(Collected data)
+---+

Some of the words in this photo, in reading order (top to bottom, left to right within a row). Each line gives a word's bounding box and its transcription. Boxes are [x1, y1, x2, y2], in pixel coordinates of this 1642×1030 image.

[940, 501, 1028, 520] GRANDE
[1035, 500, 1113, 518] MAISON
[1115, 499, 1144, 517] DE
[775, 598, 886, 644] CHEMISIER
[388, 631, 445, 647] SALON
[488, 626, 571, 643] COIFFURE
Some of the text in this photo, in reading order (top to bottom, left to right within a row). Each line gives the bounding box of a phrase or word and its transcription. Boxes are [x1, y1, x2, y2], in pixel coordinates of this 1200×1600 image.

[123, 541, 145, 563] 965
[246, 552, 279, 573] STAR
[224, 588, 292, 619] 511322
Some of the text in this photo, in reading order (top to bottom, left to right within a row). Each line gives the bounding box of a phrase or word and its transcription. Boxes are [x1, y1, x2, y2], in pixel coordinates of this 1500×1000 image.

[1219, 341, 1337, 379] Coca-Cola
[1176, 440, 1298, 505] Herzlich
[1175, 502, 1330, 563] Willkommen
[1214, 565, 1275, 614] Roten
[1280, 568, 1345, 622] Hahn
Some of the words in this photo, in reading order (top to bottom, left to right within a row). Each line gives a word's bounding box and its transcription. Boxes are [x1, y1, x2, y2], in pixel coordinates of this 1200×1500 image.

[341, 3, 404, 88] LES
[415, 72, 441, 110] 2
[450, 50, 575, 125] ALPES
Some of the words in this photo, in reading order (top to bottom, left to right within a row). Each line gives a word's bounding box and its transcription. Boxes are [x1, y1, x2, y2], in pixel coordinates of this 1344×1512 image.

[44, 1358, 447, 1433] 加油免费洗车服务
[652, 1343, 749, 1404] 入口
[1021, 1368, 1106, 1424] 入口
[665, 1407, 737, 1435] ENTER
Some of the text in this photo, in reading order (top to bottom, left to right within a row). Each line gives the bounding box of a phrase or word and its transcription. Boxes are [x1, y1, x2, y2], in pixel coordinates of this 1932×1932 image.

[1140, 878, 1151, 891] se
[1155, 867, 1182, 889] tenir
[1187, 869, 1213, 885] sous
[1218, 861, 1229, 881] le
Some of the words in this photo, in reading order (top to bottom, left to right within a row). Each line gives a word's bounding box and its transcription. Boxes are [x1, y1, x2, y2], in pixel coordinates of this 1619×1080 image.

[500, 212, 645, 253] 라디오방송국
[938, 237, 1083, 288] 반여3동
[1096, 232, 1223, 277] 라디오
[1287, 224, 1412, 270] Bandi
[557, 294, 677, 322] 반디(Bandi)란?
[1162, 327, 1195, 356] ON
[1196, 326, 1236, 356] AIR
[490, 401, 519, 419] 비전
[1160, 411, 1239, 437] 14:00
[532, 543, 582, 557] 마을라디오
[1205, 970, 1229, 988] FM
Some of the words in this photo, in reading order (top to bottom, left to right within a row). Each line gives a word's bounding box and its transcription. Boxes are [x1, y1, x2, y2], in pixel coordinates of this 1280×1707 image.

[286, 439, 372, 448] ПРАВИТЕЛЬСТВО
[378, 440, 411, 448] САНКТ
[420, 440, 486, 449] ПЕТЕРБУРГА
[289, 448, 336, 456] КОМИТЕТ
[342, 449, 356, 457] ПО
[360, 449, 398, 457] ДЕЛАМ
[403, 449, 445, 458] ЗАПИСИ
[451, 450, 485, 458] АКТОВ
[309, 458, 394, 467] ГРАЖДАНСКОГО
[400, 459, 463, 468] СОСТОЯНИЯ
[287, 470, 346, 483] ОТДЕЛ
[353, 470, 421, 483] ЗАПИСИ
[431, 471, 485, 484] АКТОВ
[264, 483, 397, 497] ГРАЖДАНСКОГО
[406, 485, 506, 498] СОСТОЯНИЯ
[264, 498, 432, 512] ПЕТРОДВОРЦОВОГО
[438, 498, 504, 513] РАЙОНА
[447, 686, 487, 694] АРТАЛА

+---+

*WORK TO BE COMPLETED*: Each line in the records above must be returned exactly as it stands.

*EXERCISE ANSWER*:
Some of the words in this photo, in reading order (top to bottom, left to right within a row). Each line gives a word's bounding box and its transcription. Boxes are [x1, y1, x2, y2], in pixel coordinates of this 1642×1030 image.

[940, 501, 1028, 520] GRANDE
[1035, 500, 1113, 518] MAISON
[1115, 499, 1144, 517] DE
[775, 598, 886, 644] CHEMISIER
[388, 631, 445, 647] SALON
[488, 626, 571, 643] COIFFURE
Some of the text in this photo, in reading order (top to bottom, left to right within a row). Each line gives the bounding box of a phrase or word and its transcription. Boxes are [x1, y1, x2, y2], in pixel coordinates of this 1200×1600 image.

[123, 541, 145, 563] 965
[246, 552, 279, 573] STAR
[224, 588, 292, 619] 511322
Some of the text in this photo, in reading order (top to bottom, left to right within a row). Each line gives the bounding box of a phrase or word and its transcription. Boxes are [x1, y1, x2, y2], in pixel coordinates of this 1500×1000 image.

[1219, 341, 1337, 379] Coca-Cola
[1176, 440, 1298, 505] Herzlich
[1175, 502, 1330, 563] Willkommen
[1214, 565, 1275, 614] Roten
[1280, 568, 1345, 622] Hahn
Some of the words in this photo, in reading order (top to bottom, left to right within a row). Each line gives a word's bounding box and its transcription. Boxes are [x1, y1, x2, y2], in pixel coordinates of this 1200×1500 image.

[341, 3, 404, 88] LES
[415, 72, 441, 110] 2
[450, 50, 575, 125] ALPES
Some of the words in this photo, in reading order (top to bottom, left to right within a row). Each line gives a word's bounding box and its transcription. Boxes are [x1, y1, x2, y2], in pixel coordinates of this 1344×1512 image.

[44, 1358, 447, 1433] 加油免费洗车服务
[652, 1343, 749, 1404] 入口
[1021, 1368, 1106, 1424] 入口
[665, 1407, 737, 1435] ENTER
Some of the text in this photo, in reading order (top to bottom, left to right within a row). Each line gives the bounding box of a phrase or word and its transcription. Boxes are [x1, y1, x2, y2], in pixel coordinates of this 1932×1932 image.

[1140, 878, 1151, 891] se
[1155, 867, 1182, 889] tenir
[1187, 869, 1213, 885] sous
[1218, 861, 1229, 881] le
Some of the words in this photo, in reading order (top to bottom, left to right within a row). Each line gives a word's bounding box and its transcription. Boxes are [x1, y1, x2, y2], in pixel coordinates of this 1619×1080 image.

[500, 212, 645, 253] 라디오방송국
[938, 237, 1083, 288] 반여3동
[1096, 232, 1223, 277] 라디오
[1287, 224, 1412, 270] Bandi
[557, 294, 677, 322] 반디(Bandi)란?
[1162, 327, 1195, 356] ON
[1196, 326, 1236, 356] AIR
[490, 401, 519, 419] 비전
[1160, 411, 1239, 437] 14:00
[532, 543, 582, 557] 마을라디오
[1205, 970, 1229, 988] FM
Some of the words in this photo, in reading order (top to bottom, left to right within a row). Each line gives a word's bounding box and its transcription. Boxes are [x1, y1, x2, y2], in pixel coordinates of this 1280×1707 image.

[286, 439, 372, 448] ПРАВИТЕЛЬСТВО
[378, 440, 411, 448] САНКТ
[420, 440, 486, 449] ПЕТЕРБУРГА
[289, 448, 336, 456] КОМИТЕТ
[342, 449, 356, 457] ПО
[360, 449, 398, 457] ДЕЛАМ
[403, 449, 445, 458] ЗАПИСИ
[451, 450, 485, 458] АКТОВ
[309, 458, 394, 467] ГРАЖДАНСКОГО
[400, 459, 463, 468] СОСТОЯНИЯ
[287, 470, 346, 483] ОТДЕЛ
[353, 470, 421, 483] ЗАПИСИ
[431, 471, 485, 484] АКТОВ
[264, 483, 397, 497] ГРАЖДАНСКОГО
[406, 485, 506, 498] СОСТОЯНИЯ
[264, 498, 432, 512] ПЕТРОДВОРЦОВОГО
[438, 498, 504, 513] РАЙОНА
[447, 686, 487, 694] АРТАЛА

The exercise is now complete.